Figure 6. Transplanted cPB cells remain functional and protect mice from chemically induced diabetes.

(a) Schematic representation of the transplantation of cPB into immunodeficient mice. (b) ELISA analysis of serum from fasted and glucose-challenged mice 2 months post transplantation with either fibroblasts (Fib) or cPB are shown. cPB graft-bearing mice exhibit significant higher levels of circulating human C-peptide in serum after a glucose bolus, indicating that transplanted cPB cells remain functional in vivo. Mice transplanted with Fib controls do not exhibit circulating human C-peptide. n=12 mice for cPB and n=5 mice for Fib. P value was calculated using a two-tailed Student's t-test. (c) Immunofluorescence analysis of 2-month-old cPB cell grafts shows co-expression of C-peptide (C-pep) and the beta-cell transcription factors PDX1 and NKX6.1 but not the hormones glucagon (GCG) and somatostatin (SST). Scale bar, 50 μm.

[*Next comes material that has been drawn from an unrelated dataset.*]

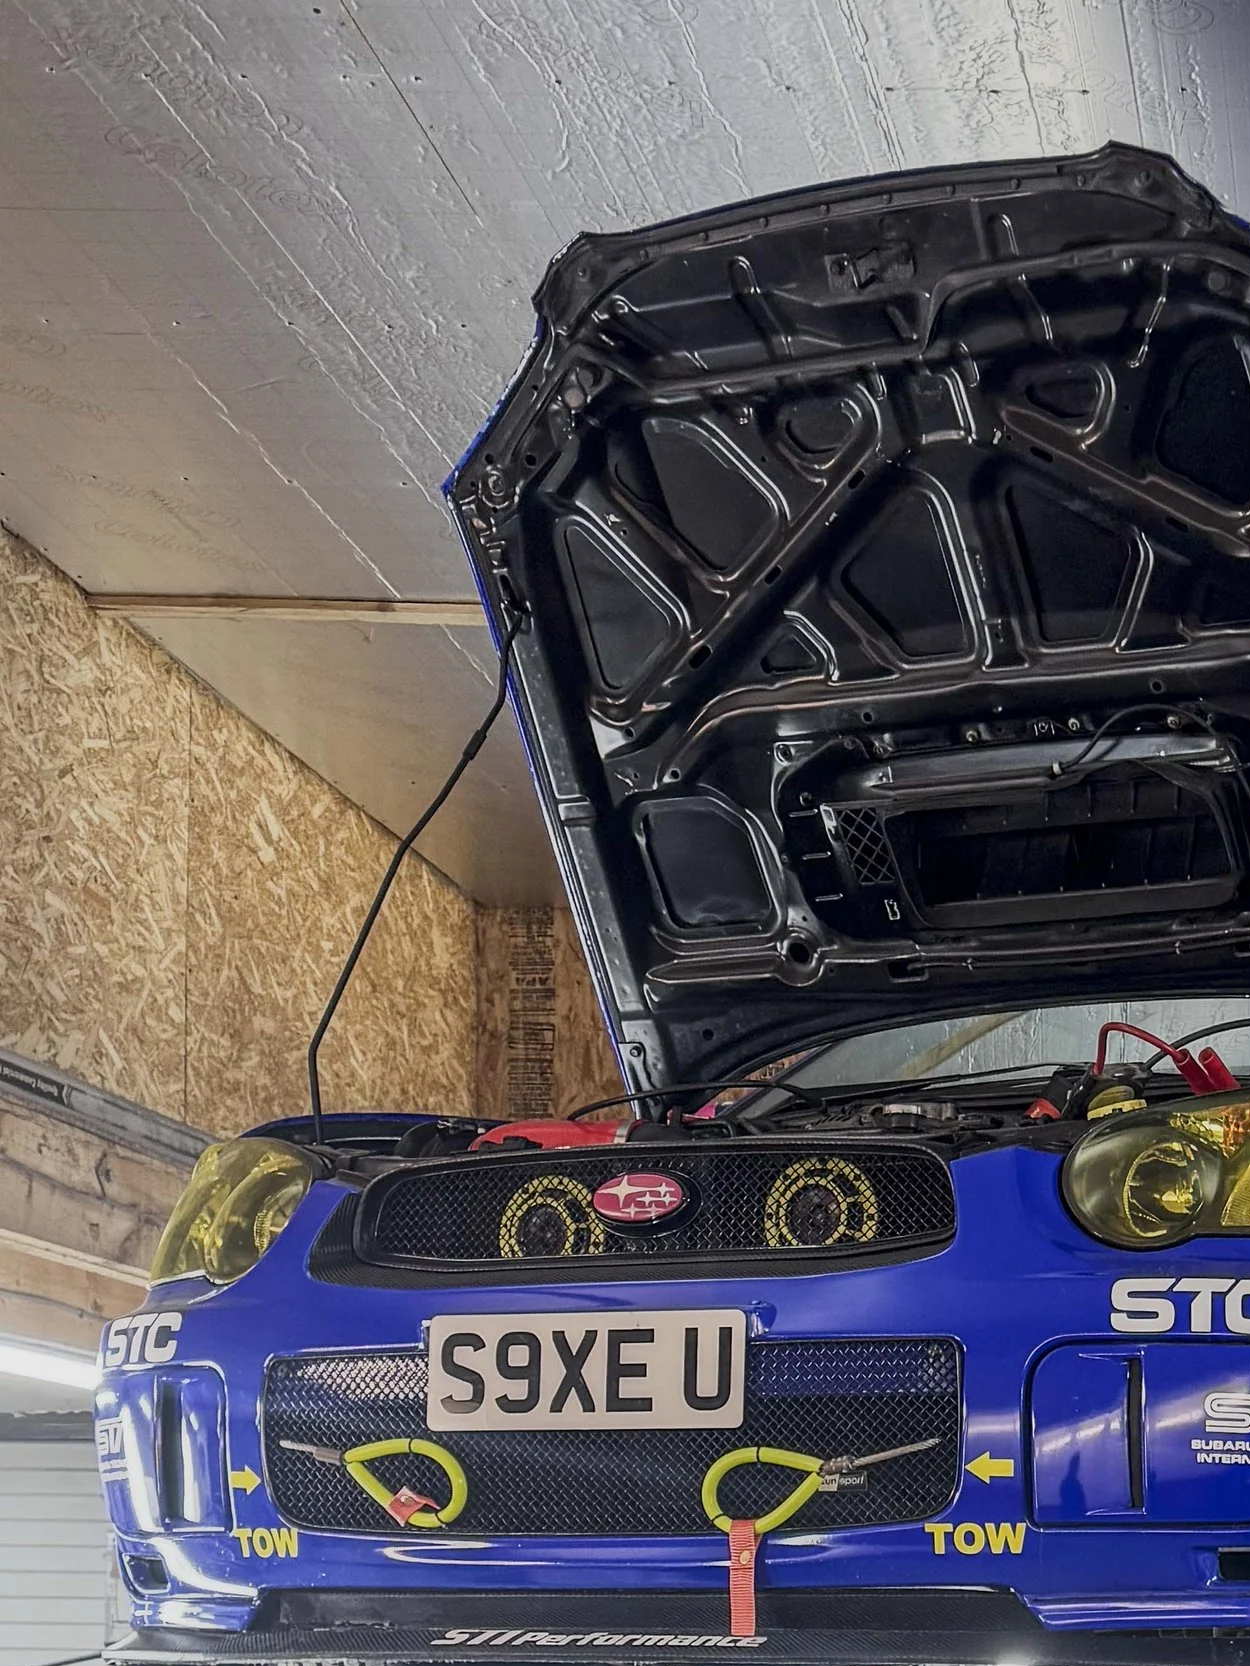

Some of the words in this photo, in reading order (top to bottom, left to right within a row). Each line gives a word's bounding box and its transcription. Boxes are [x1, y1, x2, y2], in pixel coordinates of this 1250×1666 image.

Data shown are representative of two mice. (d) Fed blood glucose levels of mice-bearing cPB grafts with circulating human C-peptide levels above 200 pM after glucose stimulation and control fibroblasts are shown. Mice were treated with the mouse-specific beta-cell toxin streptozotocine (STZ) to ablate endogenous beta cells. Uni-lateral nephrectomy of cPB graft-bearing mice 5 weeks after STZ treatment resulted in a rapid rise in blood glucose levels, directly demonstrating euglycemic control due to cPB grafts after STZ treatment in these mice. n=6 mice for cPB and n=6 mice for Fib. P value was calculated using a two-tailed Student's t-test. *P<0.05.